Ülke genişledikçe kölelik konusundaki tartışmalar da büyüdü. Demokrat Parti, 1852’de Baltimore’daki kongresinde, uzlaşmayı reddederek resmi olarak kurumu koruma sözü verdi. Bu konum, ilga ve bireysel özgürlük ilkeleri üzerine kurulu yeni oluşan Cumhuriyetçi Parti’ye katılmak için ülkeyi terk eden birçok kişiyi yabancılaştırdı. Bu bölünme, Cumhuriyetçilerin ve Demokratların zıt yönetim vizyonlarını temsil ederek Amerikan siyasetini şekillendirdiği yüzyıllık siyasi rekabetin habercisiydi.
Demokrat Parti, 20. yüzyılın başlarında, işçi hakları ve kadınların oy hakkı da dahil olmak üzere ilerici reformlar çağrısında bulunan Başkan Woodrow Wilson yönetiminde kendisini yeniden tanımladı. Büyük Buhran Amerikan siyasetini yeniden şekillendirdi. Franklin Roosevelt’in ekonomiyi canlandırmak için tasarlanmış bir dizi hükümet programı olan Yeni Anlaşma, Afrikalı Amerikalılar, işçi sendikaları ve göçmen gruplarının da dahil olduğu geniş bir koalisyon kazandı. Bu değişim Demokratların işçi sınıfı Amerikalıları ve azınlıklar arasındaki desteği sağlamlaştırmasına yardımcı oldu.

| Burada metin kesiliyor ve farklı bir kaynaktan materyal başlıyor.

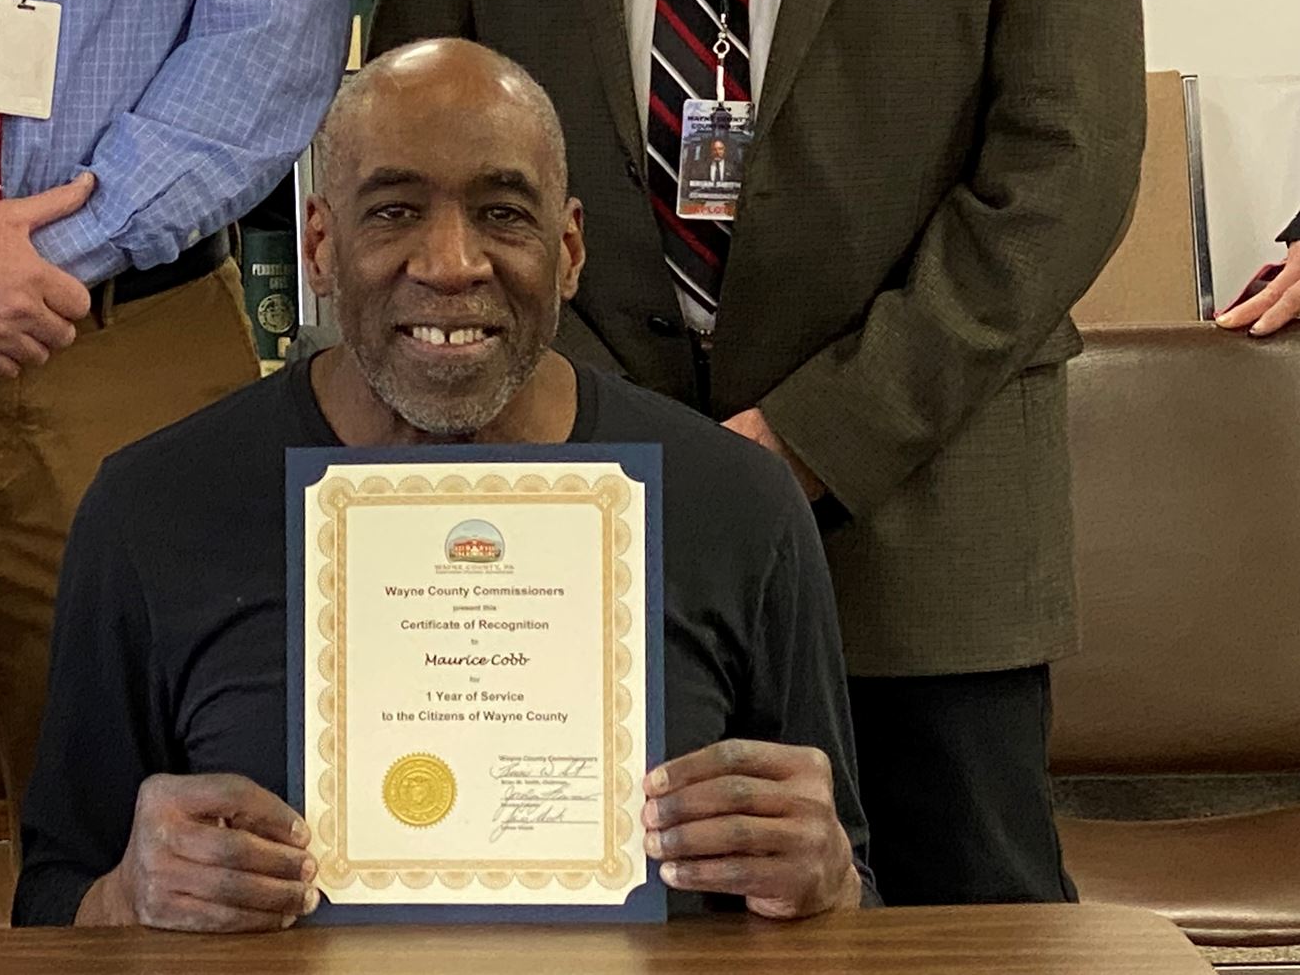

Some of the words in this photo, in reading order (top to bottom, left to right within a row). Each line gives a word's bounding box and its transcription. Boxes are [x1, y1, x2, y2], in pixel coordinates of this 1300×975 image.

1950’li ve 1960’lı yıllarda Demokrat Parti başka bir dönüşüme uğradı. Başkan John Kennedy ve Lyndon Johnson gibi liderlerin sivil hakları savunmasıyla parti, önemli miktarda Afro-Amerikan desteği kazandı. Buna karşılık, Güneyli muhafazakarlar, sınırlı hükümet ve sivil haklar mevzuatına muhalefet değerlerine başvuran Cumhuriyetçilerle daha yakın bir ittifak kurmaya başladı.
Bugün Demokrat Parti, oy kullanma haklarını, LGBTQ+ haklarını ve üreme tercihini savunarak sosyal eşitliği desteklemektedir. Vatandaşlık ve aile birleşimine giden yolları açan göçmenlik reformlarını destekliyor. Partinin, trajediler ve artan kamuoyu kaygısıyla şekillenen silah kontrolü konusundaki tutumu, 1968 Silah Kontrolü Yasası ve Brady Tasarısı gibi yasaların ortaya çıkmasına yol açtı.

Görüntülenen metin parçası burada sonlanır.